RIO DE JANEIRO — At least 20 people have been killed and more than 50,000 driven from their homes by calamitous floods sweeping through northeastern Brazil, the authorities said Tuesday.
The power of the waters coursing through the coastal terrain left Brazilians staggered.
“We’ve had other floods, other disasters with deaths, but nothing, absolutely nothing, with this territorial extension, with this number of cities hit at the same time and with the number of people impacted by this storm,” said Rui Costa, the governor of Bahia State.
As dams gave way, in some submerged neighborhoods rooftops were the only signs left of once-vibrant communities.
Rescue teams used boats and helicopters to gain entry to parts of Ilhéus, Itabuna, Irecê and a hundred other cities. Neighboring states sent aircraft and firefighters to help the police and members of the armed forces, while volunteers distributed donations of food, mattresses and blankets for the poorest communities.
Like regions large and small across a globe disrupted by climate change, Bahia has been experiencing weather extremes in recent years.
For the past five years, Bahia and its neighbors in the northeast have suffered from a stubborn drought. But early this month, the skies opened, and for weeks Bahia has been hit by extraordinary intermittent rainfall. It is the heaviest rainfall for December in the state in three decades, according to Brazil’s center for monitoring natural disasters.
The waters came for Gerisnon Vieira Lima and his family early one morning about two weeks ago in the city of Guaratinga, in southern Bahia.
As the water level rose rapidly inside the home he shares with his 70-year-old mother and three other relatives, Mr. Vieira Lima rushed to save any piece of furniture or belongings he could, though he figured he would have another chance.
“I thought we would come back after the rain went down — but we couldn’t,” the 35-year-old gas station attendant said.
As he watched, his home gave way to a torrent of rubble.
Since then, Mr. Vieira Lima and his family have been camped in his sister’s house as they try to recover from the trauma. “It was very sad, very hard,” he said. “I’ve never seen something like this.”
The situation grew even more dire over the Christmas holiday weekend after the extreme rain led to the collapse of two dams. The first burst in Vitória da Conquista, in the southern part of the state, on Saturday night, and the second on Sunday morning 125 miles north, in Jussiape.
“There are more than 116 municipalities in a state of emergency,” said a Brazilian congressman from Bahia, Valmir Assunção. “The rains destroyed bridges, roads and houses in our state.”
Natalie Unterstell, president of the Institute Talanoa, a climate policy think tank in Brazil, pointed out that the latest United Nation report offered “robust evidence” that such weather extremes are the result of climate change.
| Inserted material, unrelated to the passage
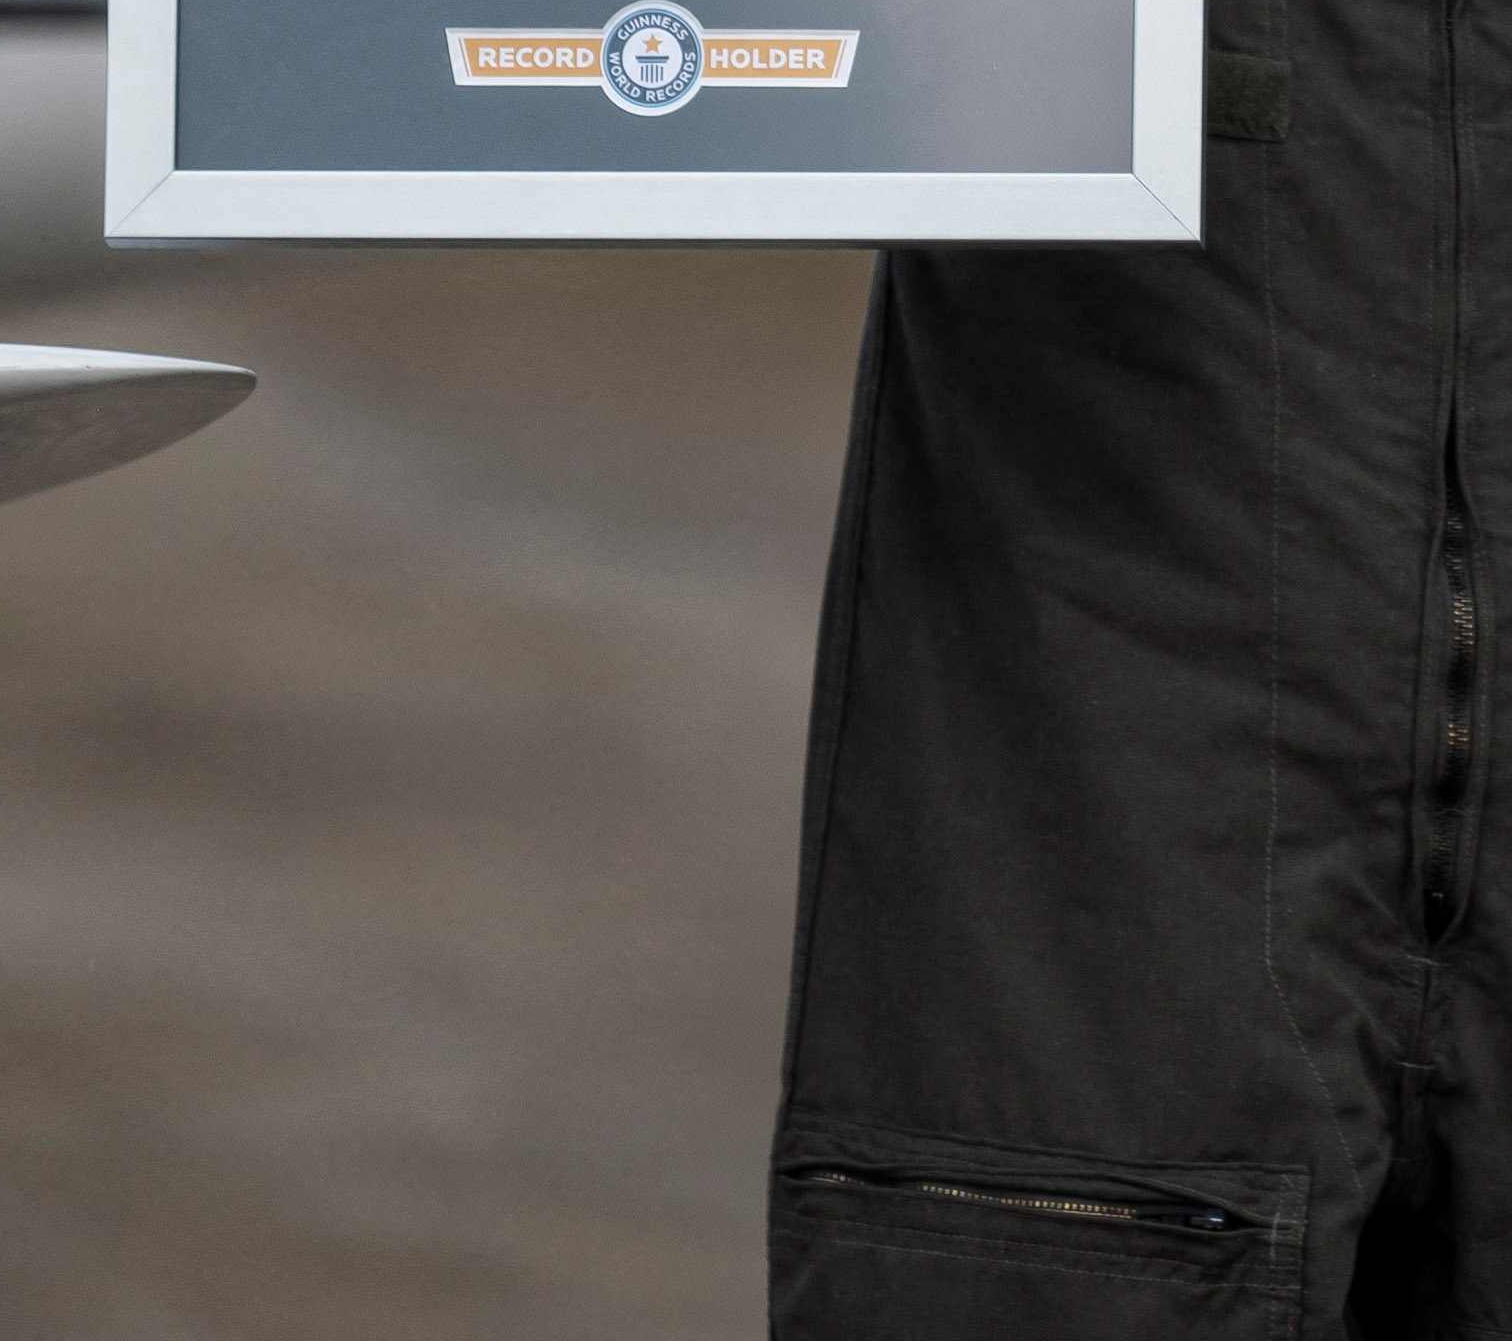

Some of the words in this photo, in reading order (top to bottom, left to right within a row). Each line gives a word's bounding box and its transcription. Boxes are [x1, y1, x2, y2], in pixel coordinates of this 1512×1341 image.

“The warming of the ocean is particularly relevant to this,” she said. “In 2020, data showed that 80 percent of the seas suffered maritime heat waves, and this boosted disasters such as the one in Bahia.”
Ms. Unterstell urged governments like that of Brazil to take climate change into account when rebuilding. “Brazil is built to a climate that no longer exists,” she said.
On Tuesday, Mr. Assunção and other lawmakers met to push for financial resources to rebuild the region. Brazil’s president, Jair Bolsonaro, announced an emergency allotment of aid equivalent to $35 million.
In mid-December, when the rains began, President Bolsonaro flew over some of the hard-hit areas. But on Monday, as the rains peaked, he headed to the southern region of the country for the holiday. He is expected to return to Bahia early in the New Year.
“I hope I don’t need to come back earlier,” Mr. Bolsonaro told a supporter Monday after the dams collapsed, speaking from the sands of Forte beach, in São Francisco do Sul, local media reported.
The president has been criticized on social media for taking time off during the crisis.
“While our people suffer from hunger, unemployment, inflation, epidemics and natural disasters as in Bahia, Bolsonaro took vacations!” one opposition senator, Randolfe Rodrigues, said on Twitter. “Yes! Oblivious to all this, he thought he deserved a break, as a big joke with the Brazilian people.”
The flooding may also set back Brazil’s fight against the pandemic. Mr. Costa, the Bahia governor, said a few cities in his state had lost all their supplies of drugs and vaccines against Covid-19.